Some have argued, convincingly, that this rigidity in apportioning hospital beds is contrary to the spirit and intent of the portability provisions of the Canada Health Act that governs the criteria provinces must meet in order to get their share of federal funding to run their health insurance programmes. Bridge notes that in British Columbia, his home province, hospitals in one health region routinely refuse to accept repatriated patients whose homes are in another. (B.C. is divided into six health regions or authorities, one of which bisects Greater Vancouver). Thus, in practical terms, he says, if someone living in North Vancouver needs to be repatriated, B.C. Bedline will not even call St Paul’s Hospital in downtown Vancouver (a different region) for a bed for that patient.
“There is no legal basis for this discrimination,” says Bridge. “All British Columbians pay provincial taxes to cover the cost of medical care. They do not pay taxes to regional health authorities, which are simply administrative bureaucracies set up by the Ministry of Health.”
Bridge has argued, on behalf of THIA, that there is no legal requirement for hospitals to use B.C. Bedline, which he says has no legal standing and was set up simply as an administrative tool by the Ministry of Health: thus there is no legal basis for hospitals telling assistance companies they cannot accept repatriated patients unless they are directed to do so by B.C. Bedline.

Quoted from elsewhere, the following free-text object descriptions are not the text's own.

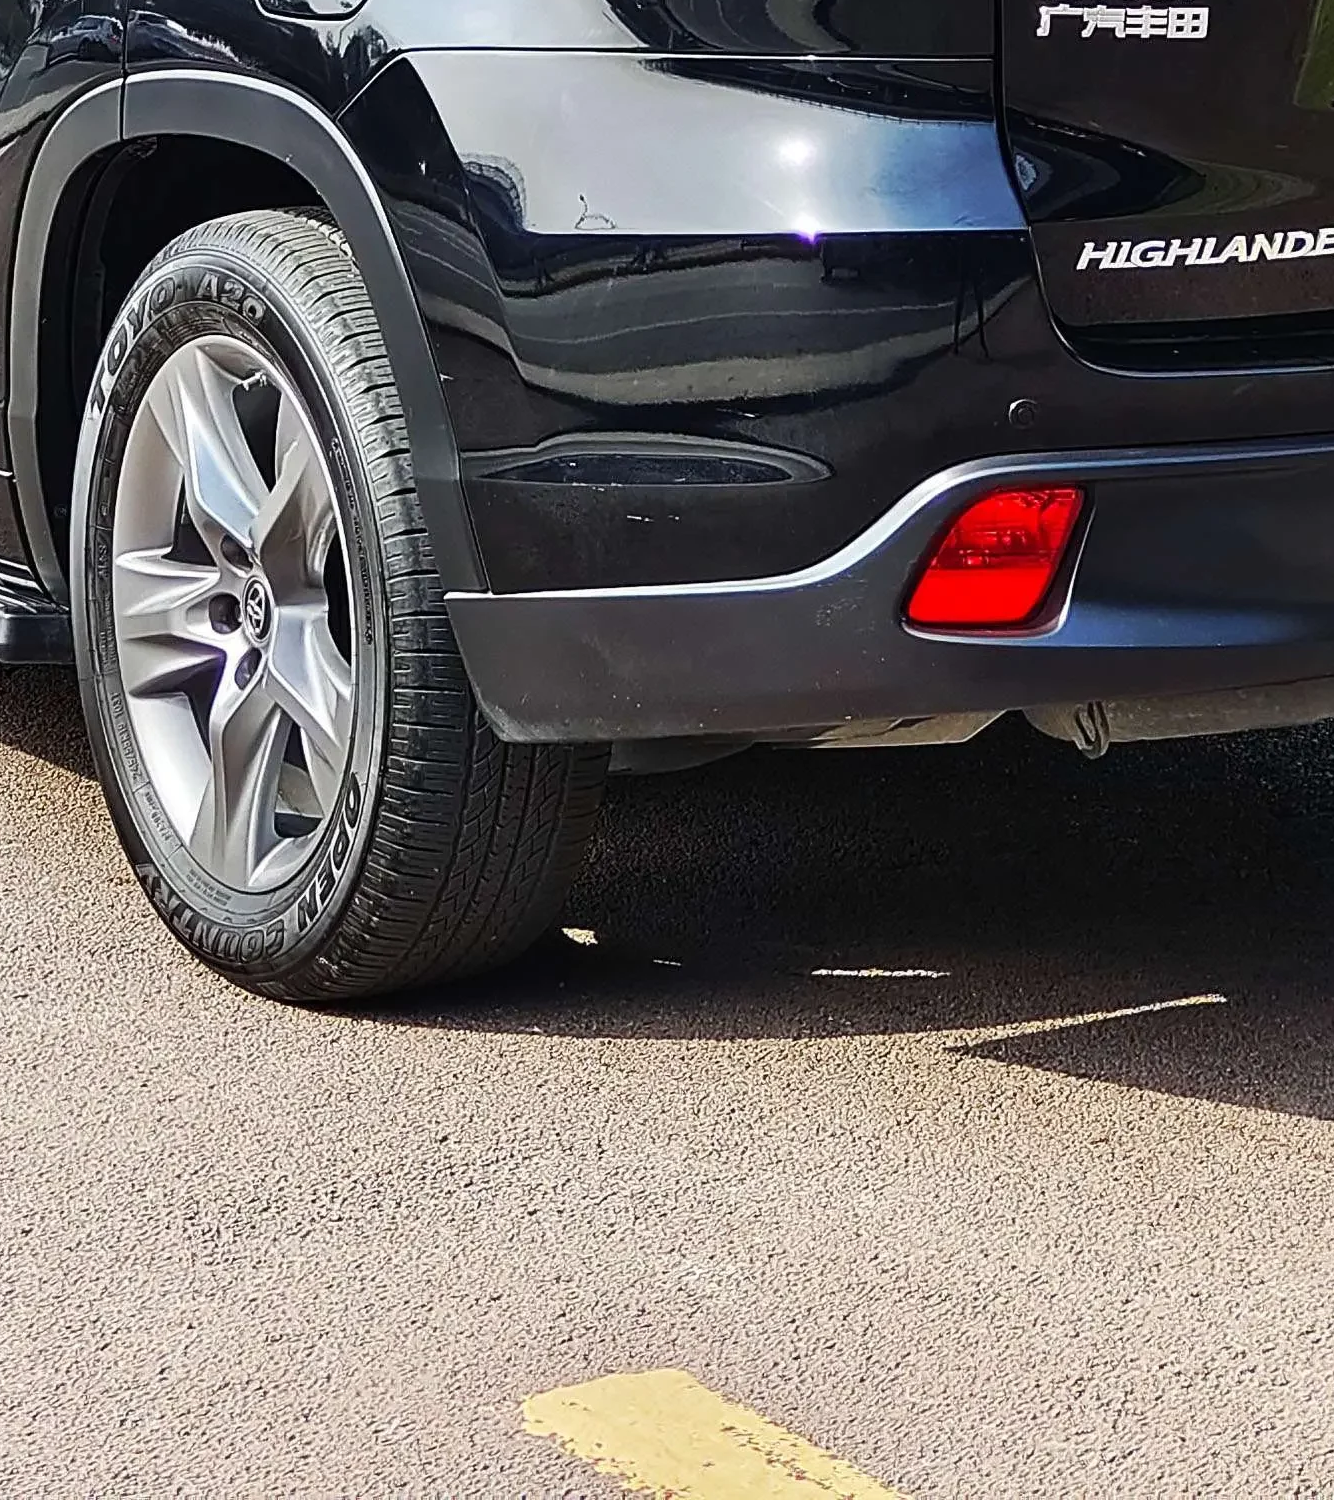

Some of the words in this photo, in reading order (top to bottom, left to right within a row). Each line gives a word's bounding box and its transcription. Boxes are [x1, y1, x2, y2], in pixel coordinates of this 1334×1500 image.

[1036, 5, 1209, 39] 广汽丰田
[297, 770, 363, 933] OPEN
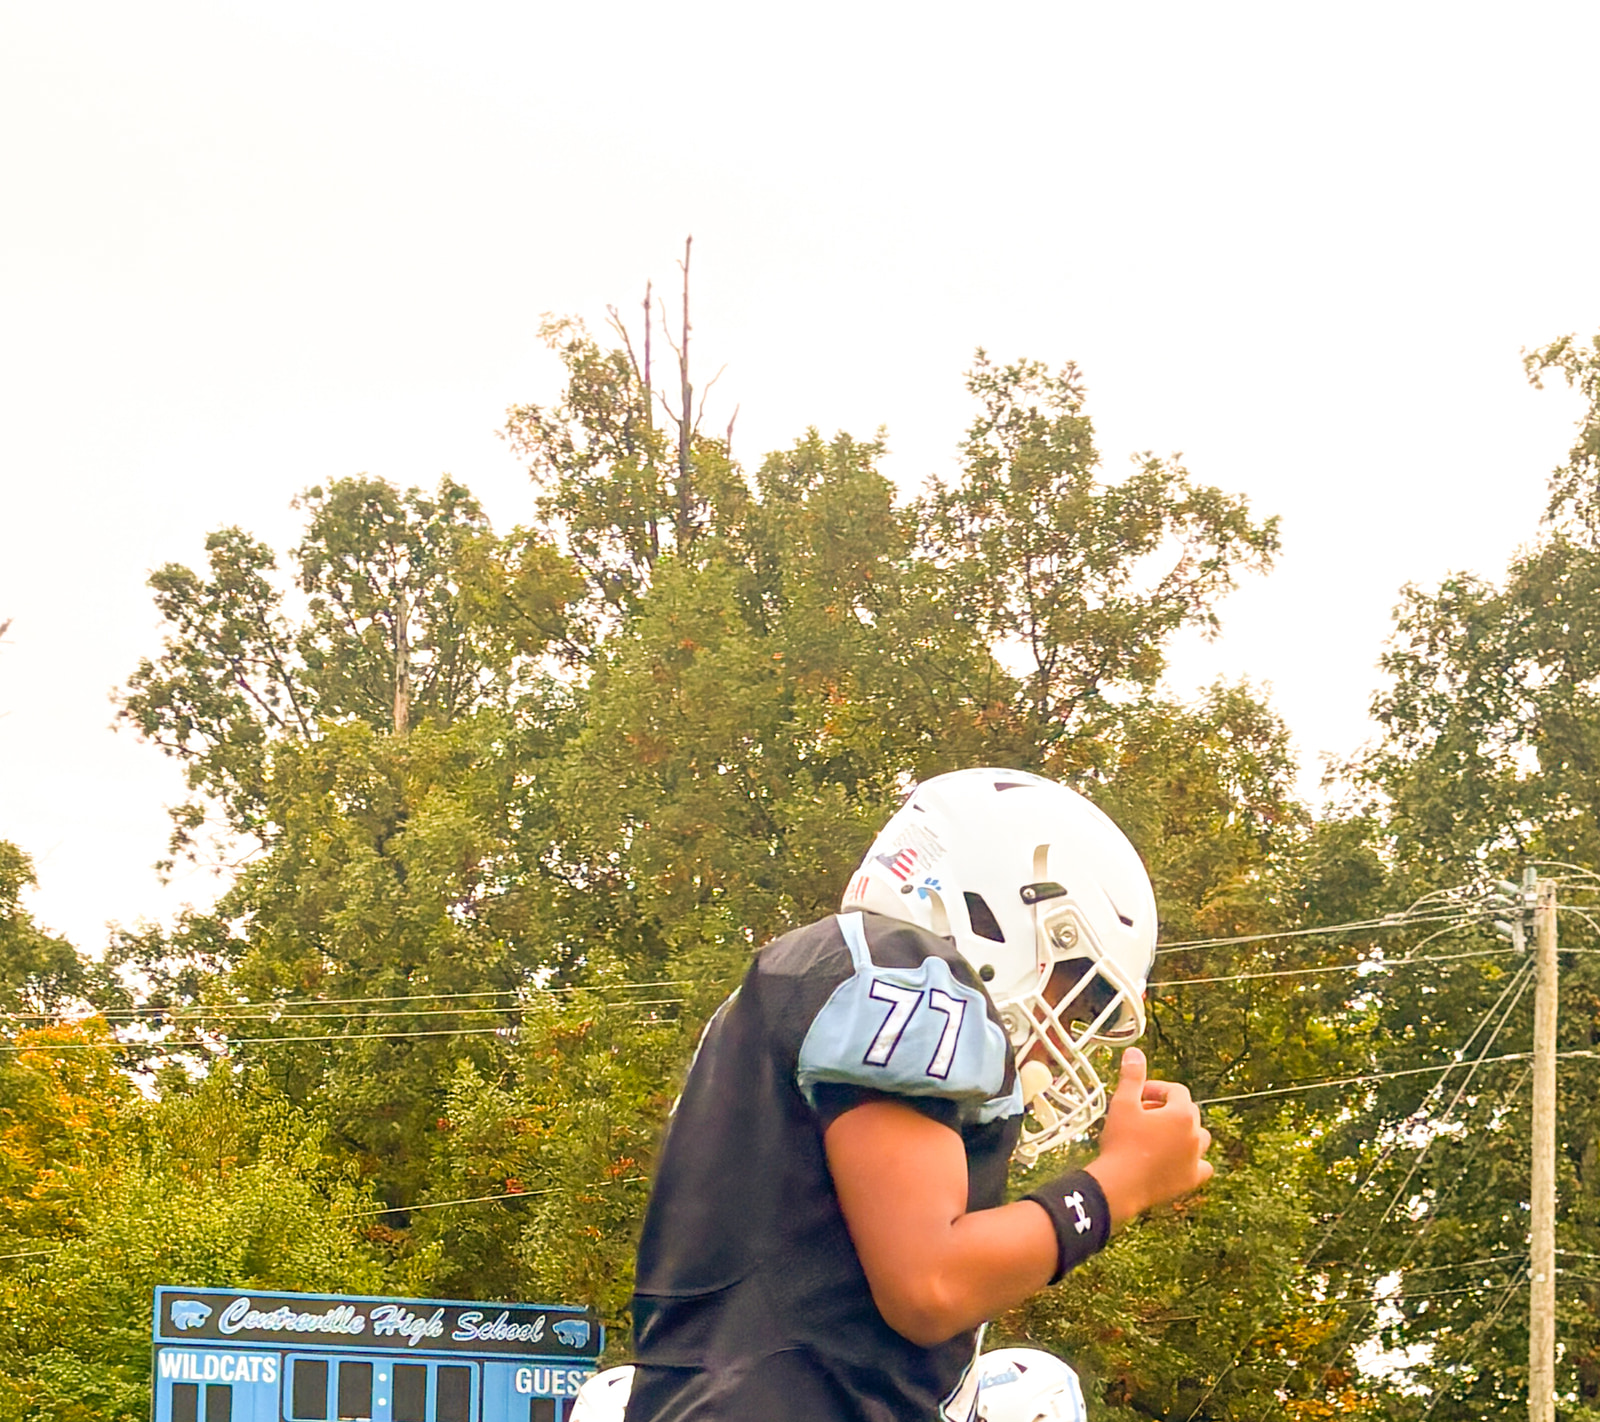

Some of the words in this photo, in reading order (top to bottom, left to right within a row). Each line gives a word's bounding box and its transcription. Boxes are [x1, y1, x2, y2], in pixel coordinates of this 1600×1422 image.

[863, 979, 967, 1080] 77
[218, 1297, 365, 1334] Centreville
[370, 1305, 445, 1346] High
[451, 1311, 546, 1342] School
[159, 1352, 277, 1383] WILDCATS
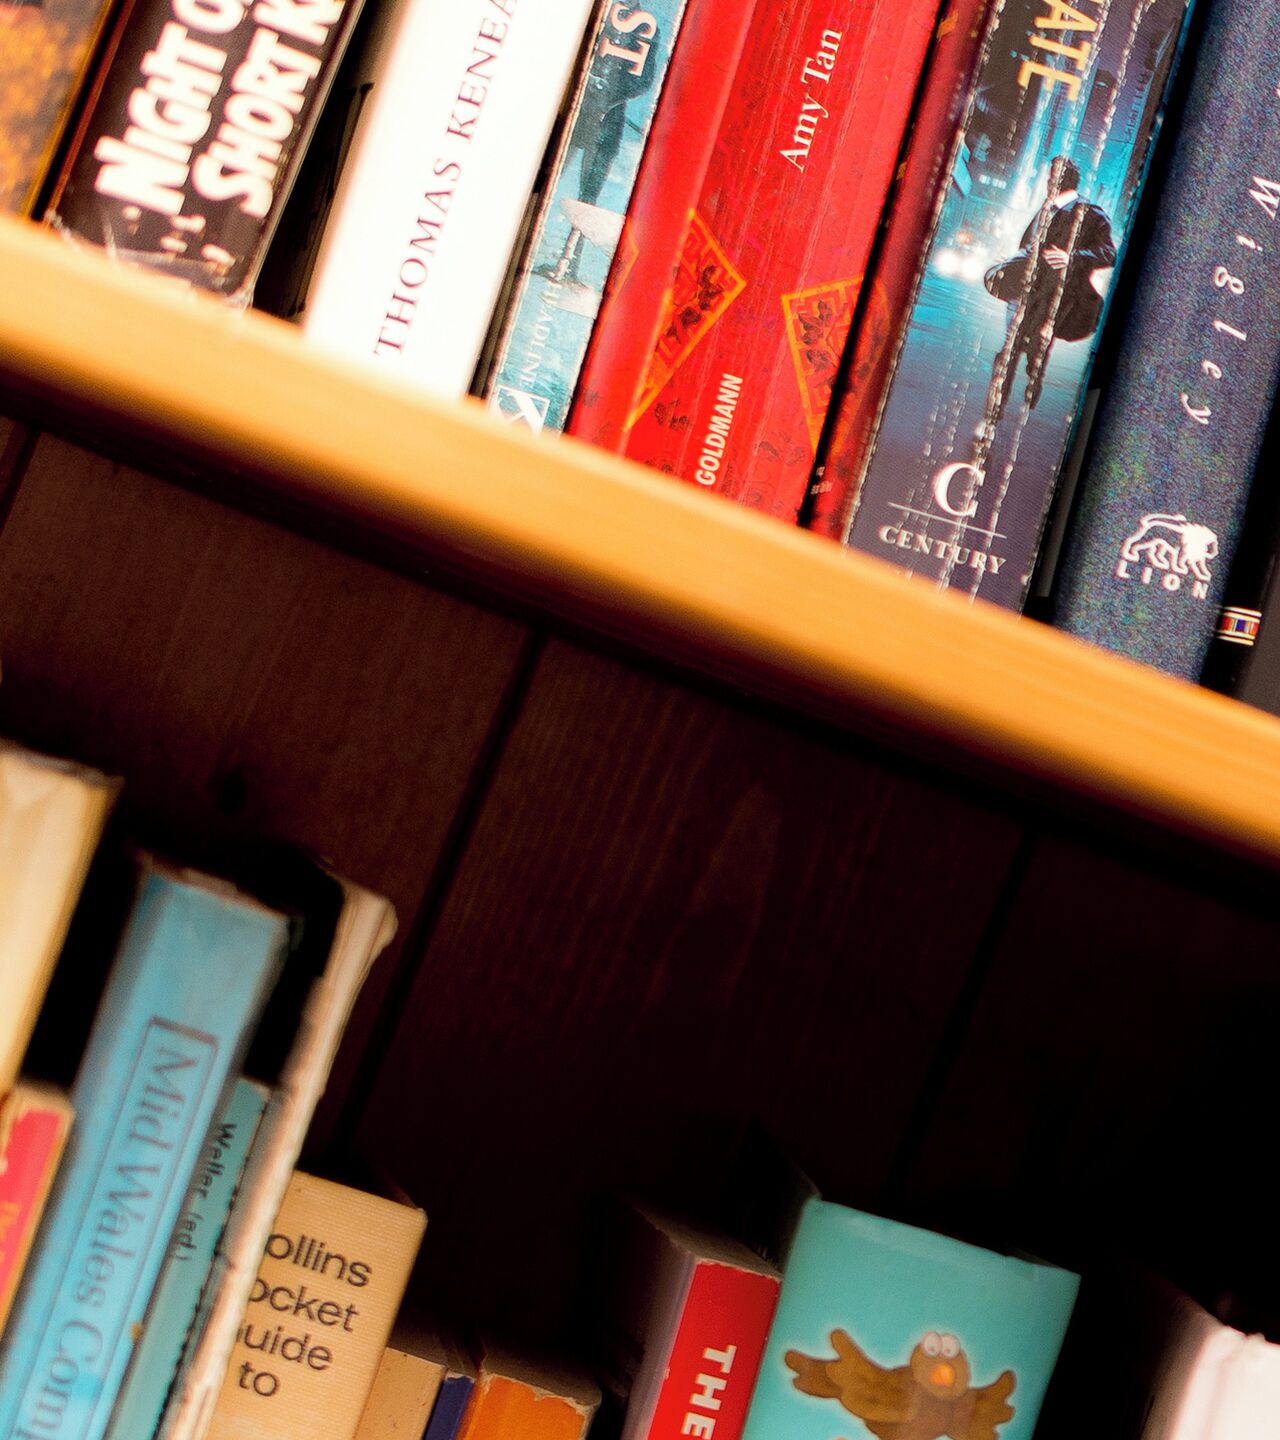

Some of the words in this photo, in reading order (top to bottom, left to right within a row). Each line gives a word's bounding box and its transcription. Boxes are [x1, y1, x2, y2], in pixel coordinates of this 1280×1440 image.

[800, 28, 842, 86] Tan
[93, 20, 228, 216] NIGHT
[191, 27, 322, 219] SHORT
[778, 94, 829, 173] Amy
[373, 156, 462, 357] THOMAS
[695, 373, 743, 487] GOLDMANN
[878, 525, 1007, 575] CENTURY
[1116, 560, 1209, 600] LION
[128, 1044, 198, 1155] Mid
[199, 1122, 238, 1202] Waller
[72, 1160, 163, 1310] Wales
[240, 1361, 281, 1399] to
[680, 1344, 737, 1440] THE
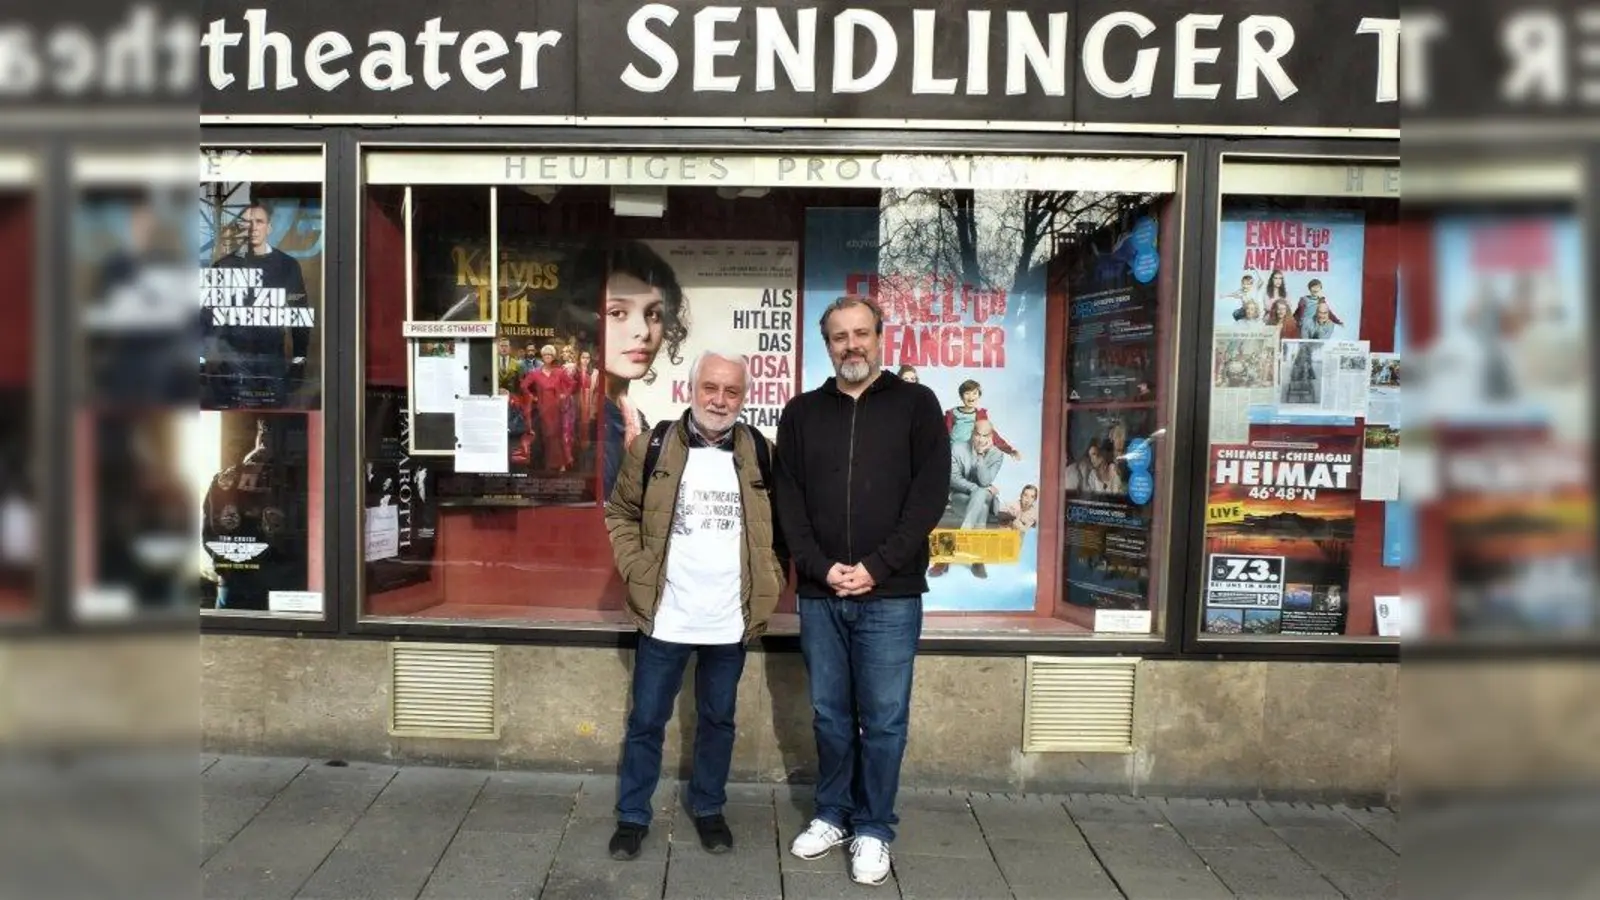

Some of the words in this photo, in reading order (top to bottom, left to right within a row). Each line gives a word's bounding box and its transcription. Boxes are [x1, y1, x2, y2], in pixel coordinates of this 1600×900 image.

though dealing with hospitals in the patient's normal catchment area is difficult enough, trying to secure an admission beyond that area 'becomes virtually impossible'
In response, the chief operating officer of Healthlines Services B.C. (an agency funded by the B.C. Health Ministry) challenged THIA, in March 2008, to substantiate the allegations of illegality. Does this mean the question of repatriating Canadian patients from foreign hospital beds can only be settled in the courts? Is it inevitable that transferring sick people from one clinical environment to another will ultimately be decided by clerks and not by treating and receiving doctors and assistance professionals?
If so, how might they deal with Dr Ladak’s recent dilemma in trying to repatriate a young Ottawa area motor cycle accident patient who was confined for weeks in a US hospital bed but not considered a priority by Ottawa hospital authorities: “The patient kept crying that he wanted to come home, which had his family very upset. His head injury had made him very emotional and he did not understand things as well. He just wanted to come home.”